__RECORDS__.
================================

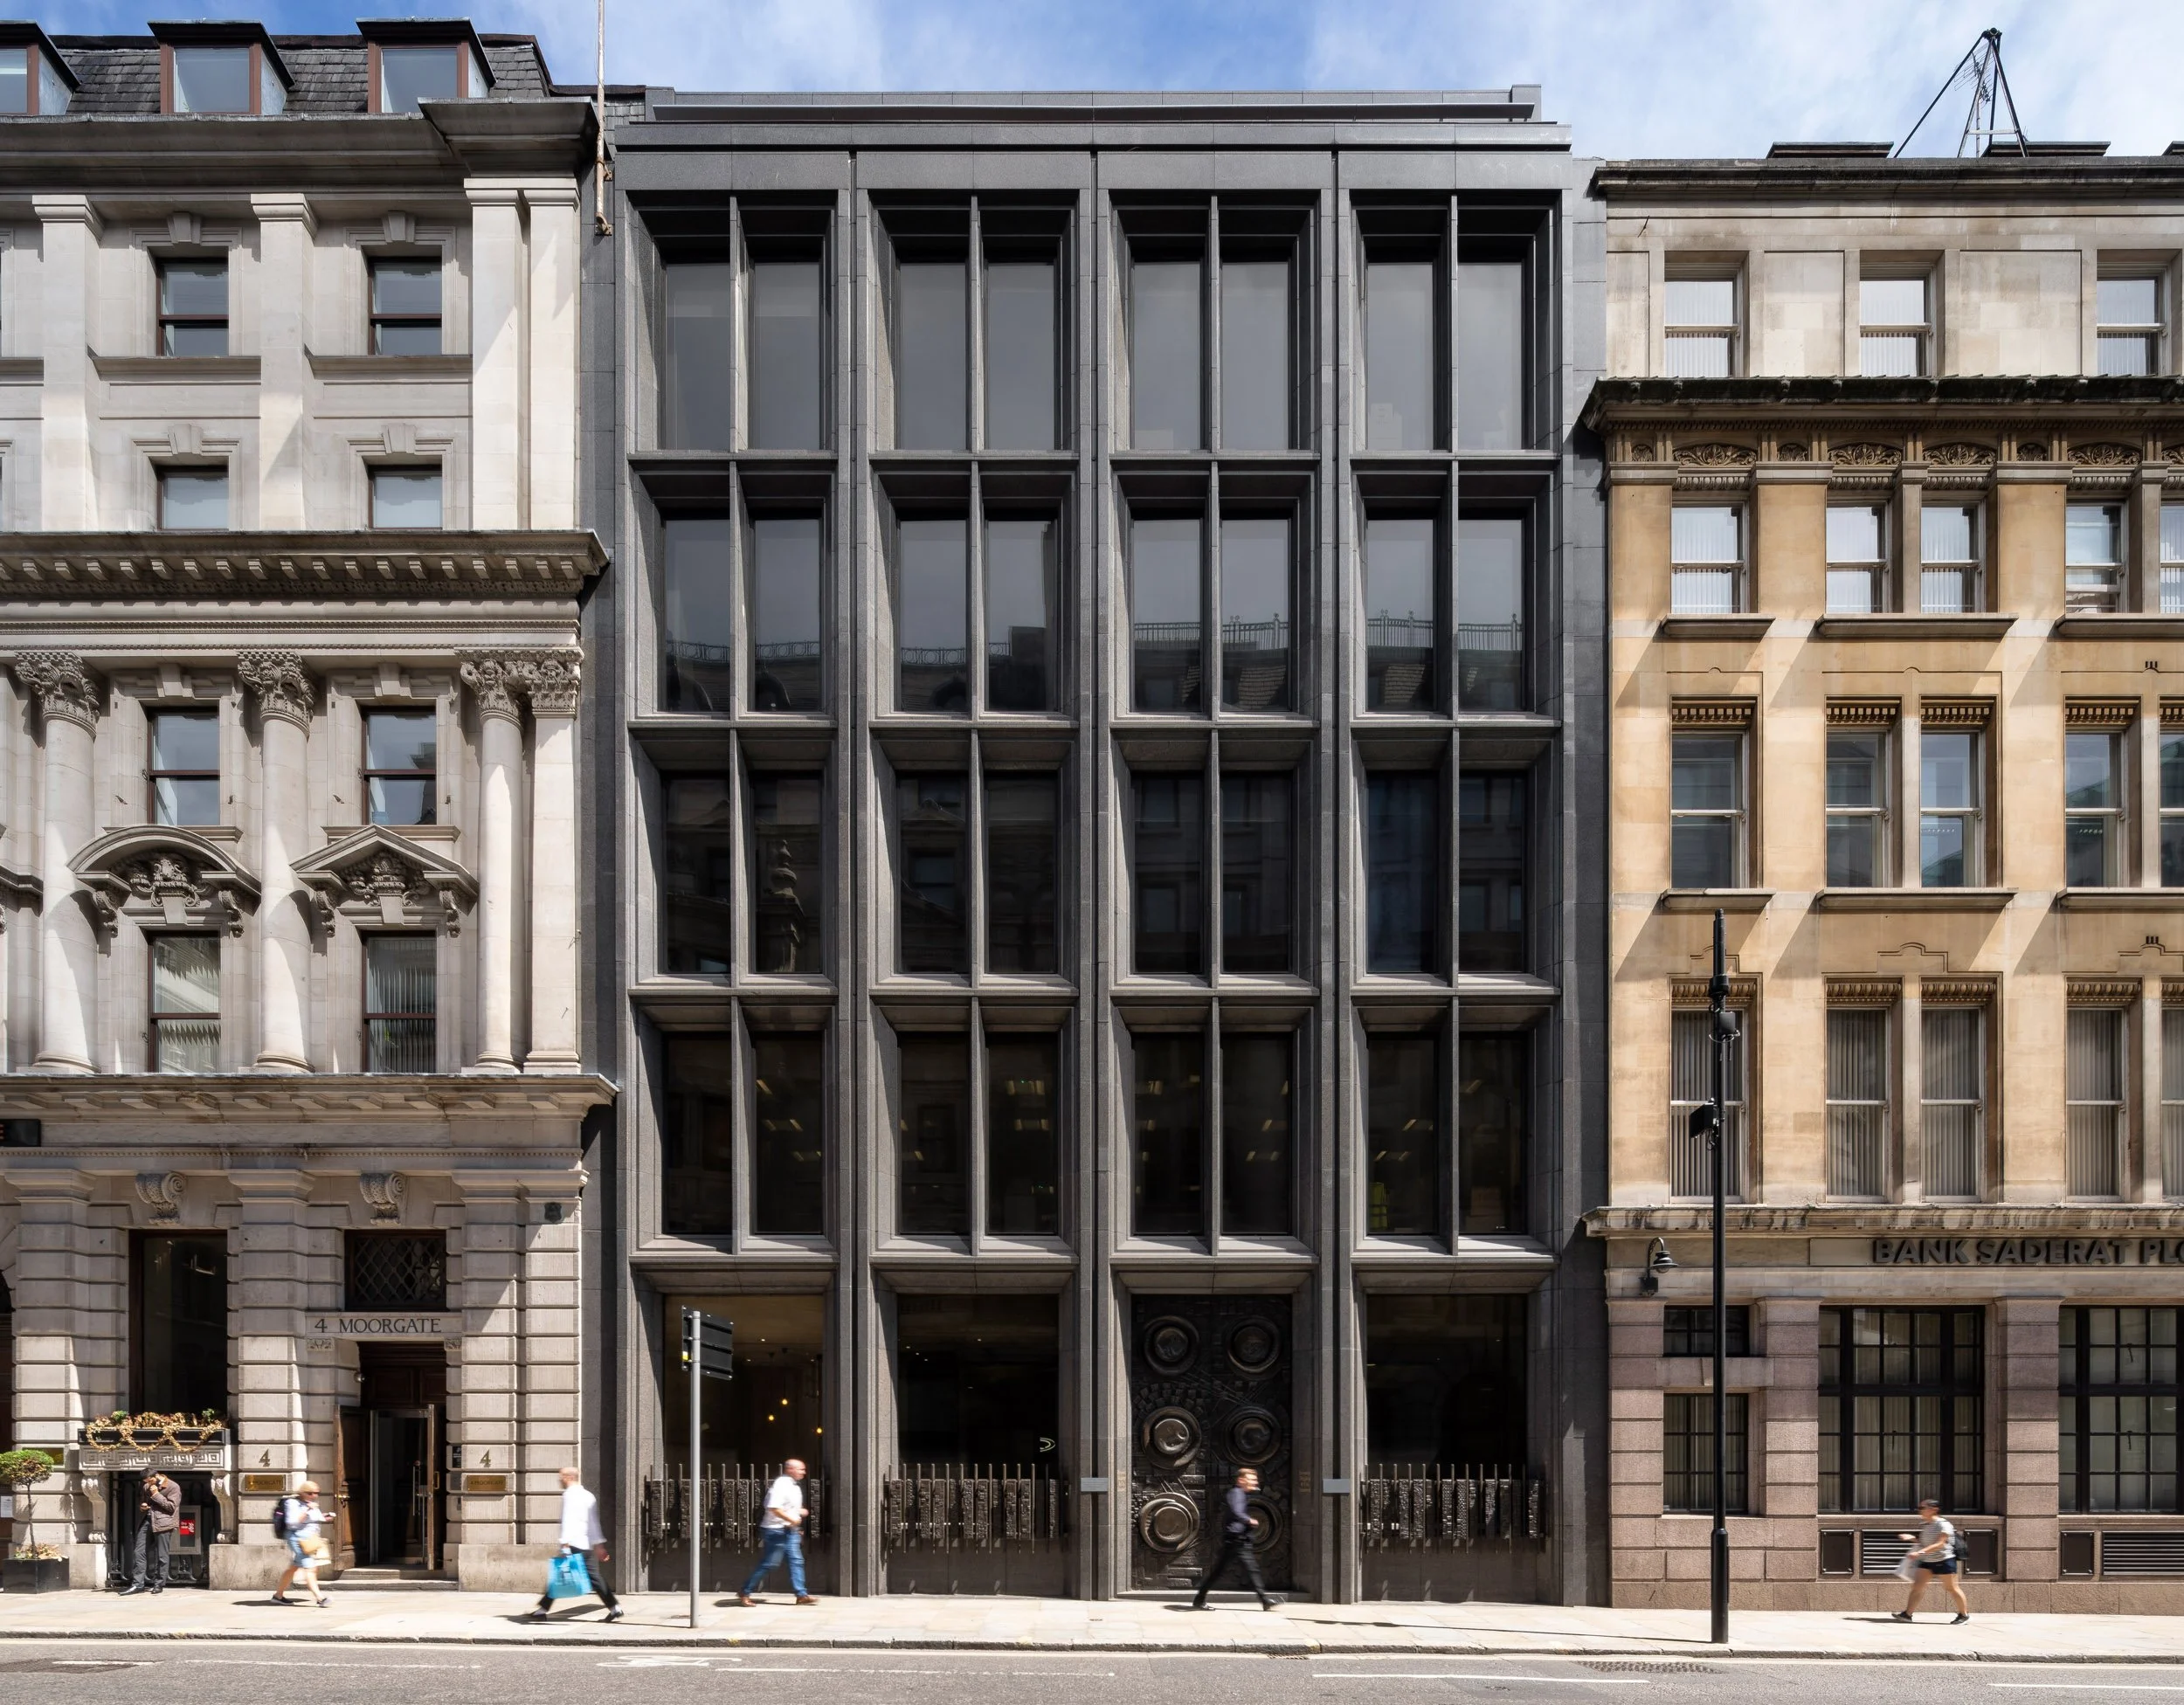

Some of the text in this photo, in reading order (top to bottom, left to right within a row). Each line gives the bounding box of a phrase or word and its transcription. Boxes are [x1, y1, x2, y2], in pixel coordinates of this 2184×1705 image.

[1873, 1239, 1970, 1264] BANK
[1976, 1239, 2132, 1264] SADERAT
[314, 1318, 442, 1333] 4 MOORGATE
[259, 1448, 271, 1467] 4
[479, 1449, 492, 1467] 4
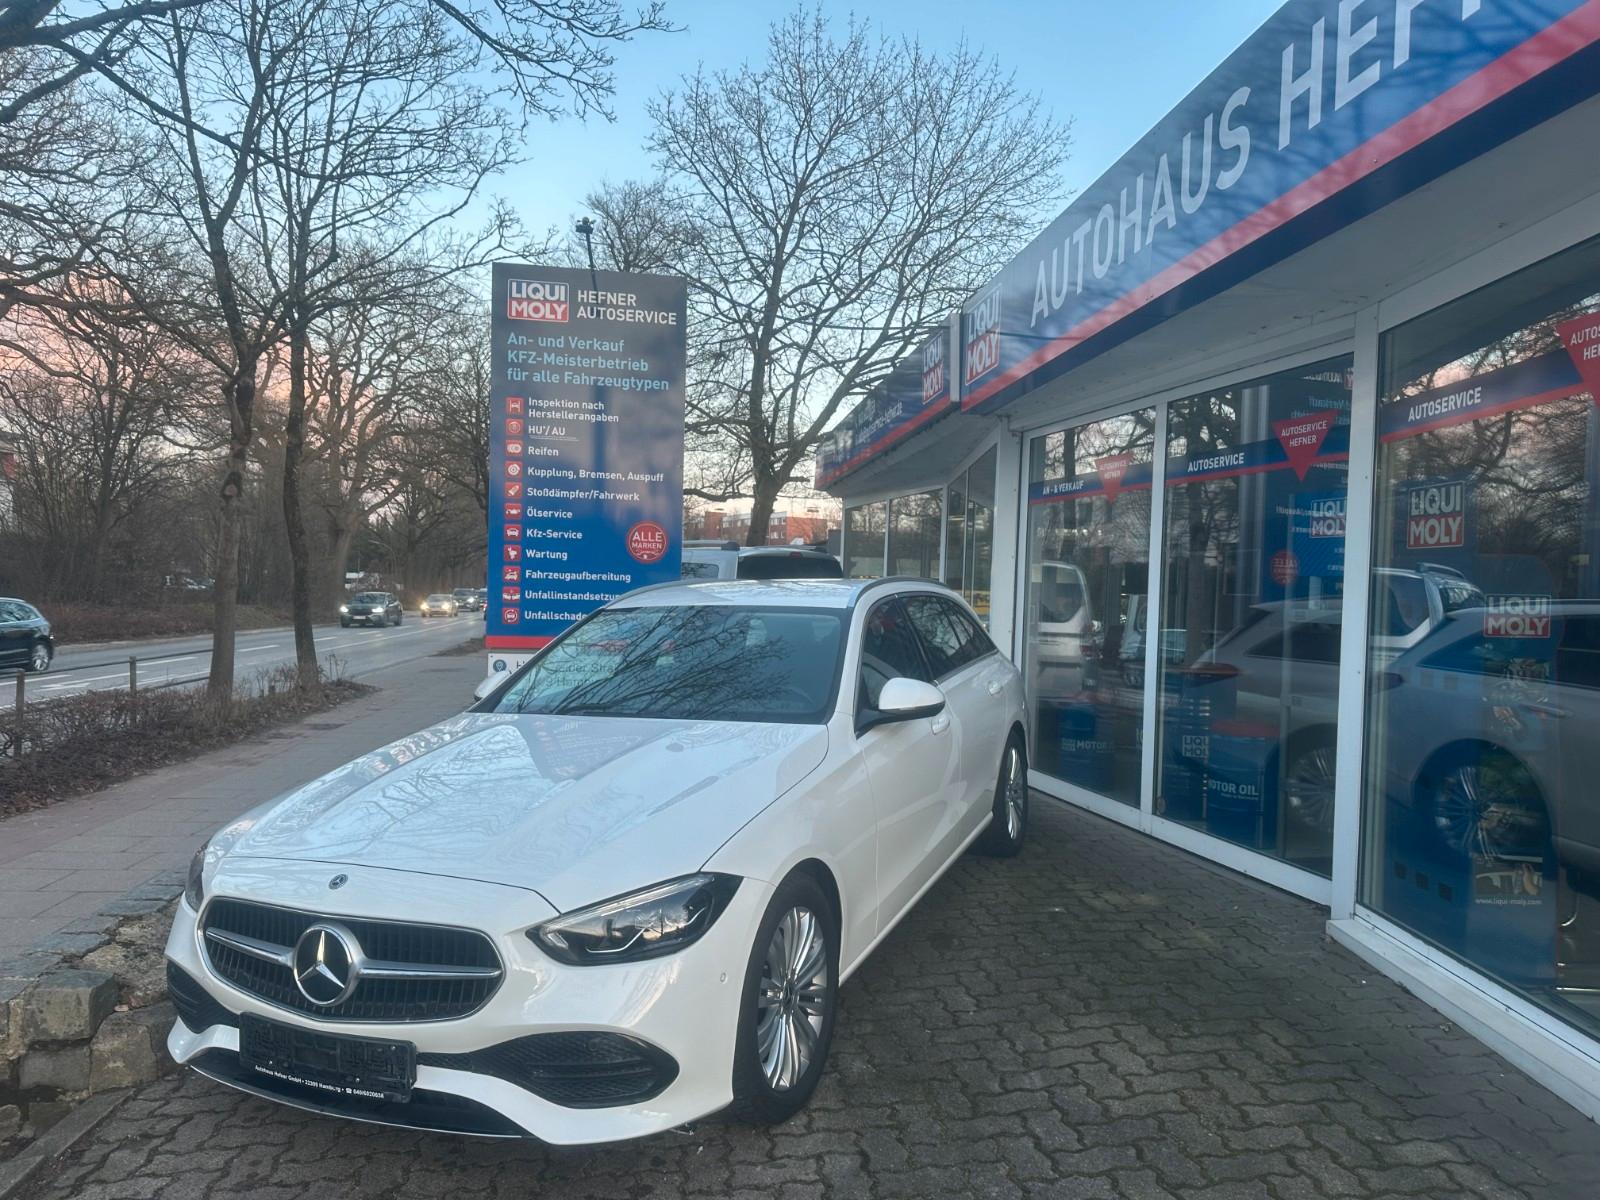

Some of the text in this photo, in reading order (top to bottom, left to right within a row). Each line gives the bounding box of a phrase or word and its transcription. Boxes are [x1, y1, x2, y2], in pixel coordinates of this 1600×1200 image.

================================

__WHAT TO WORK ON__. No pictures belong in the copy. Repeat the listing above exactly.

__OUTPUT BELOW__.
Some of the text in this photo, in reading order (top to bottom, left to right within a row). Each line gives the bounding box of a phrase or word and its transcription. Boxes are [x1, y1, x2, y2], in pixel coordinates of this 2184×1705 image.

[1873, 1239, 1970, 1264] BANK
[1976, 1239, 2132, 1264] SADERAT
[314, 1318, 442, 1333] 4 MOORGATE
[259, 1448, 271, 1467] 4
[479, 1449, 492, 1467] 4

Some of the text in this photo, in reading order (top to bottom, left to right within a row). Each line gives the bounding box of a phrase or word and its transcription. Boxes are [x1, y1, x2, y2], in pixel coordinates of this 1600×1200 image.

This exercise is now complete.